The organized kingdom, the sovereign was wanting only a decoration to give to his subjects. Jérôme presented to the Emperor in July 1808 a project of order and motivated:

"The institution of a Westphalian order should please the Germans ... Your Majesty knows their character, many of them have been forced to leave their decorations and nothing will be more pleasant to them than to see a new order of theirs founded kingdom. "

The insignia, in the form of an eight-pointed cross with spokes, would have been placed in the center of the Westphalian eagle. The institution would have taken the name of Order of the Blue Eagle. Napoleon did not accede to the wishes of his brother. The insignia was too much like that of the Legion of Honor, and then the Emperor considered the sovereignty of his younger brother to be too recent for him to consider rewarding anyone.

Finally, on December 25, 1809, "with imperial authorization," the king was able to sign the royal decrees of creation of the Order of the Crown of Westphalia.

According to the decree of February 5, 1810, the insignia, inspired by the coat of arms of the kingdom created in 1807 under the direction of Talleyrand, revealed a complex symbolism: a snake biting its tail, symbol of immortality, surrounded a set of motifs illustrating the composite nature of the kingdom, all surmounted by a crowned imperial eagle. "There are too many animals in that order! Exclaimed the Emperor, reading the decree.

Jérôme gave his work on the job. A new decree was drawn up, issued on April 25, 1810, which definitively fixed the composition of the insignia, with a general outline close to that of the Order of the Iron Crown. Above a crown bandeau, we find the symbolic elements of the previous badge: heraldic animals, snake in bail, and of course the imperial eagle encroaching a lightning.

Despite all the pomp that surrounded him, the Order disappeared with the kingdom of Westphalia in 1813. Jérôme nevertheless continued to wear the insignia until his death in 1860.

==Organization==

The members were divided into three and four classes. This order was to consist of:

10 Grand Commanders or dignitaries, three of whom each have a large commandery;
30 Commanders;
300 Knights of 1st class;
500 Knights of 2nd class.
Not included in this number are the princes of the imperial family and foreigners to whom his Majesty would like to confer this decoration.
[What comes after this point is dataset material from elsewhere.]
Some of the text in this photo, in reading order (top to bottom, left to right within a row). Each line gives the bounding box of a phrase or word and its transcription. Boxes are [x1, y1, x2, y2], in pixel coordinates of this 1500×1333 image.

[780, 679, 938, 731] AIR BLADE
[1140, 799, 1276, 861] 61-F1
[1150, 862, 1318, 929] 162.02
The King is Grand Master of the Order.

The Royal Prince alone rightly receives the great decoration of the Order.

The Grand Commanders have the title of Excellence, and enjoy the civil honors bestowed on the Grand Officers of the Crown, and military honors rendered to the highest rank.

The Commanders receive the same civil honors as the state councilors, and the military honors attached to the rank of officer.

==Description==

The decoration is composed of a crown with eight gold florets without apses, placed on a blue enameled headband, on which are written in Roman letters in gold and in all its periphery, the motto of the order): "CHARAKTER UND AUFRICHTIGKEIT "(in French:" Honesty and character "), as well as the date of its founding:" ERRICHTET DEN XXV DEC M. DCCC IX ".
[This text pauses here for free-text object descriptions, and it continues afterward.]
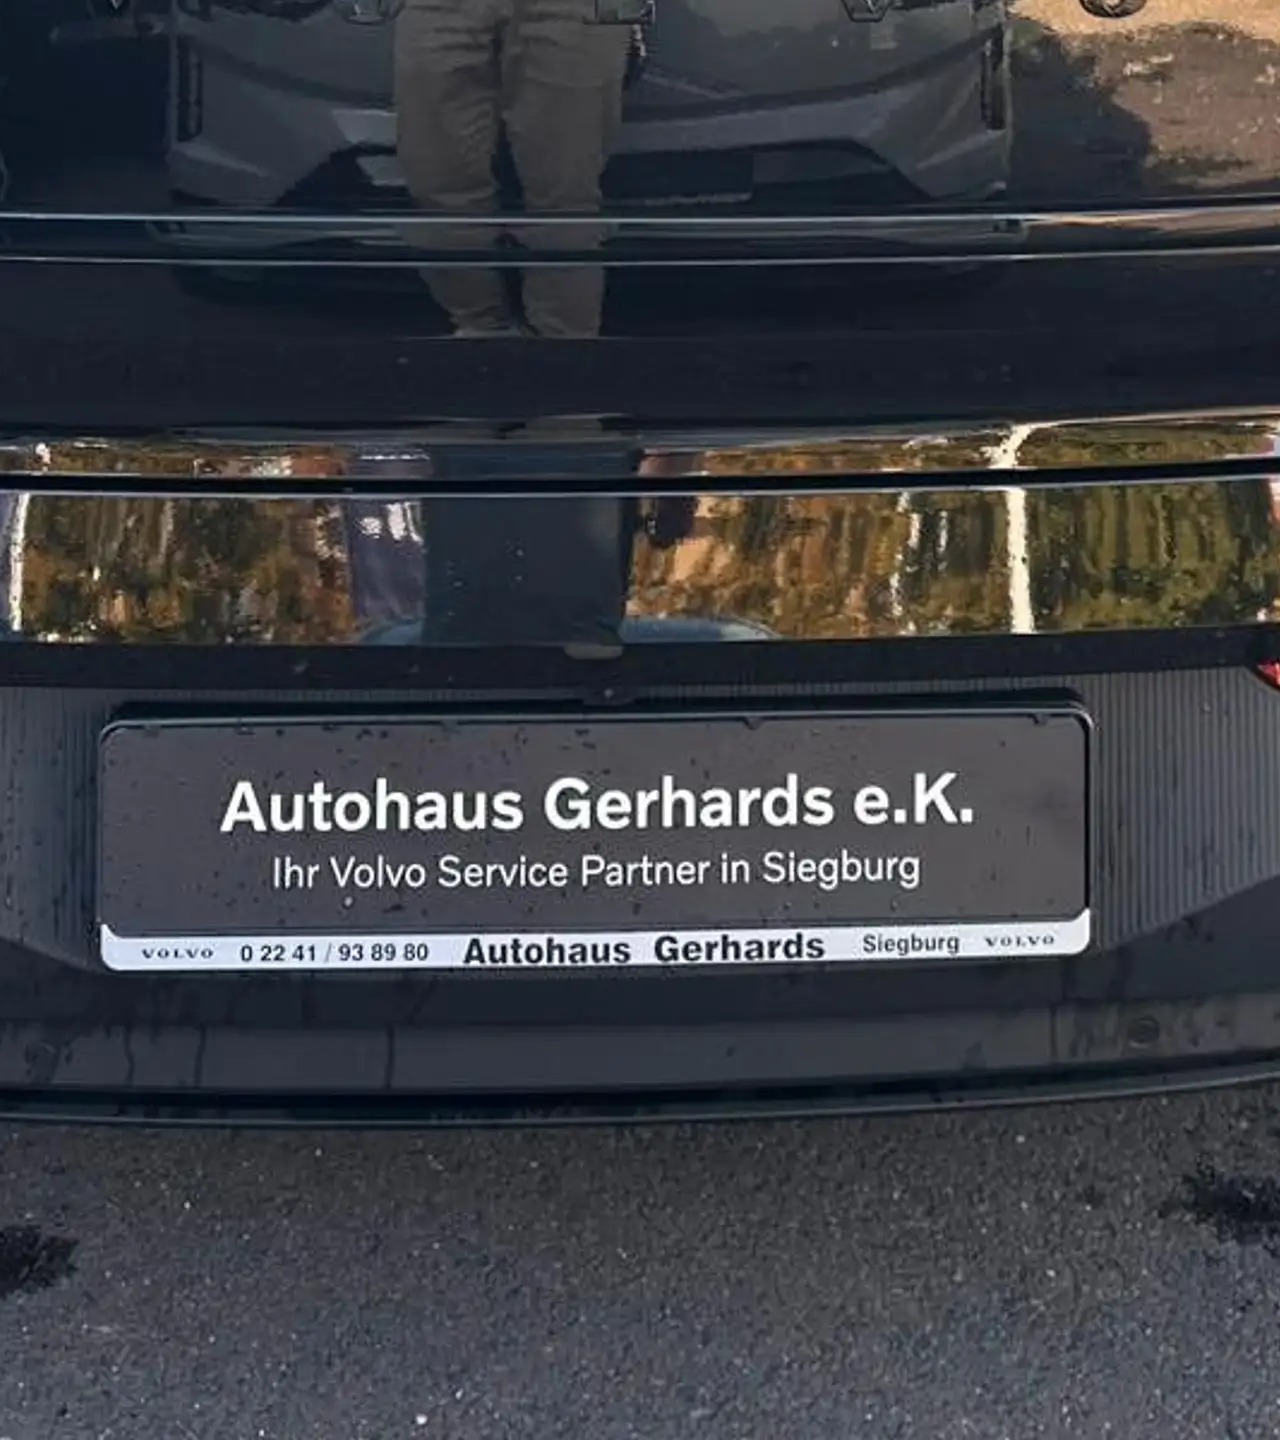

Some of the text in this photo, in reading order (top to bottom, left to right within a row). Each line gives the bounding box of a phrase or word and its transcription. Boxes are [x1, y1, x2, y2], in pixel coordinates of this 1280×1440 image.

[220, 771, 974, 832] Autohaus Gerhards e.K.
[272, 849, 921, 890] Ihr Volvo Service Partner in Siegburg
[141, 948, 215, 960] VOLVO
[239, 945, 253, 962] 0
[260, 944, 285, 962] 22
[292, 944, 317, 962] 41
[338, 943, 365, 962] 93
[371, 942, 398, 962] 89
[403, 942, 430, 962] 80
[462, 937, 631, 966] Autohaus
[653, 932, 826, 962] Gerhards
[862, 934, 961, 956] Siegburg
[984, 935, 1057, 949] VOLVO
On the bottom of the crown and in the middle pose an eagle and a lion backed and crowned by a single crown.

On the right side of the lion, is the horse of Westphalia; on the left, on the side of the eagle, is the lion of Cassel.

The whole is surmounted by the imperial eagle crowned and carried on its lightning, on which is written: "I THE UNITED. "
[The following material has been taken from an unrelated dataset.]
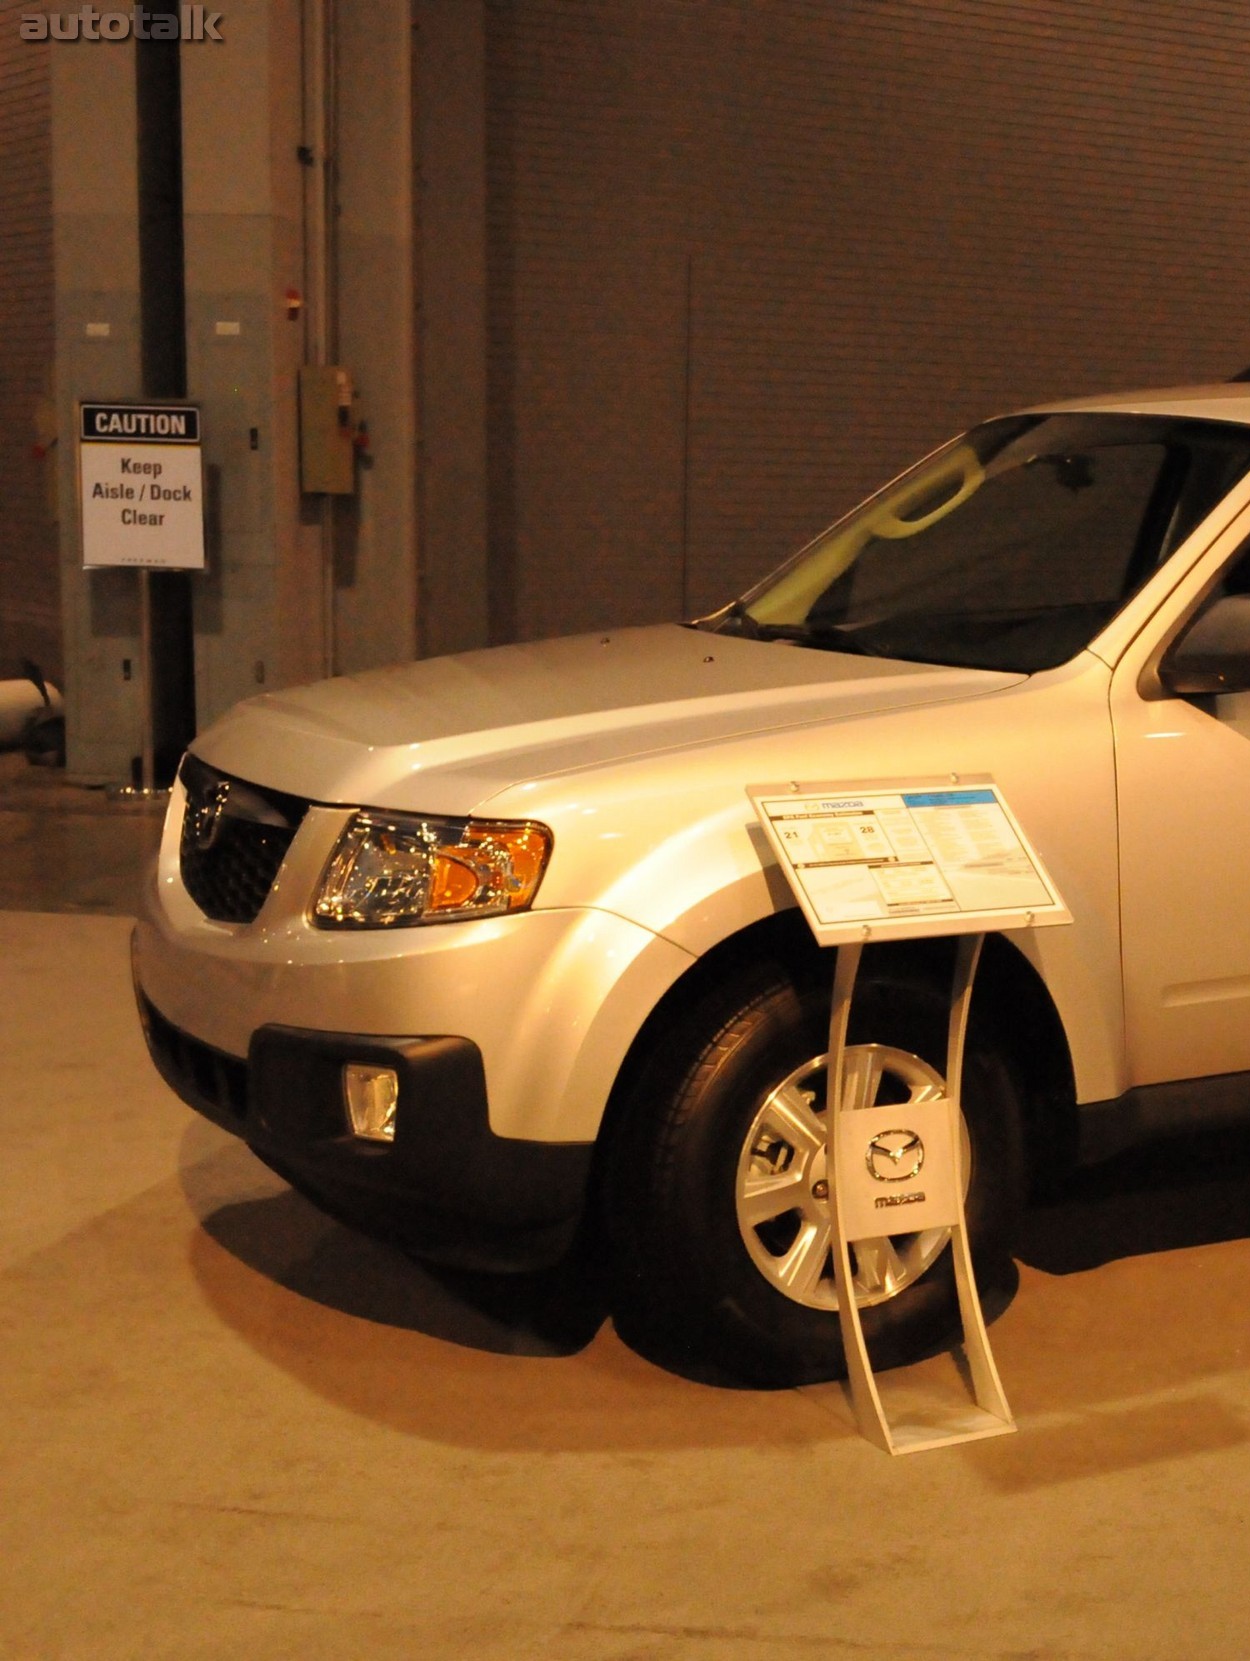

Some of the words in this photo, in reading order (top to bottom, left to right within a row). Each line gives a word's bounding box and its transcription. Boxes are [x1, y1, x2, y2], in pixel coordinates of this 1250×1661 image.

The decoration is suspended from a big-blue ribbon moiré, by a ring having the shape of a snake biting its tail, symbol of the immortality.

The reverse of the cross is absolutely similar, with this difference only, that there is on the eagle and lion backed, an azure shield on which are the Roman letters "H N" intertwined.

The Grand Commander's decoration is thirty lines high, from the underside of the crown band to below the crown of the imperial eagle. That of Commander has only twenty-three leagues high and that of Chevalier only sixteen.

The Great Commanders wear the decoration, over the suit, from right to left.

The knights fastened a badge of silver to the clerk, and the commanders hung a jewel of gold around their necks. The great commanders wore daily a plate - novelty compared to the decree of February 5, 1810 which did not provide - and a cord. On solemn days, they wore a gold necklace.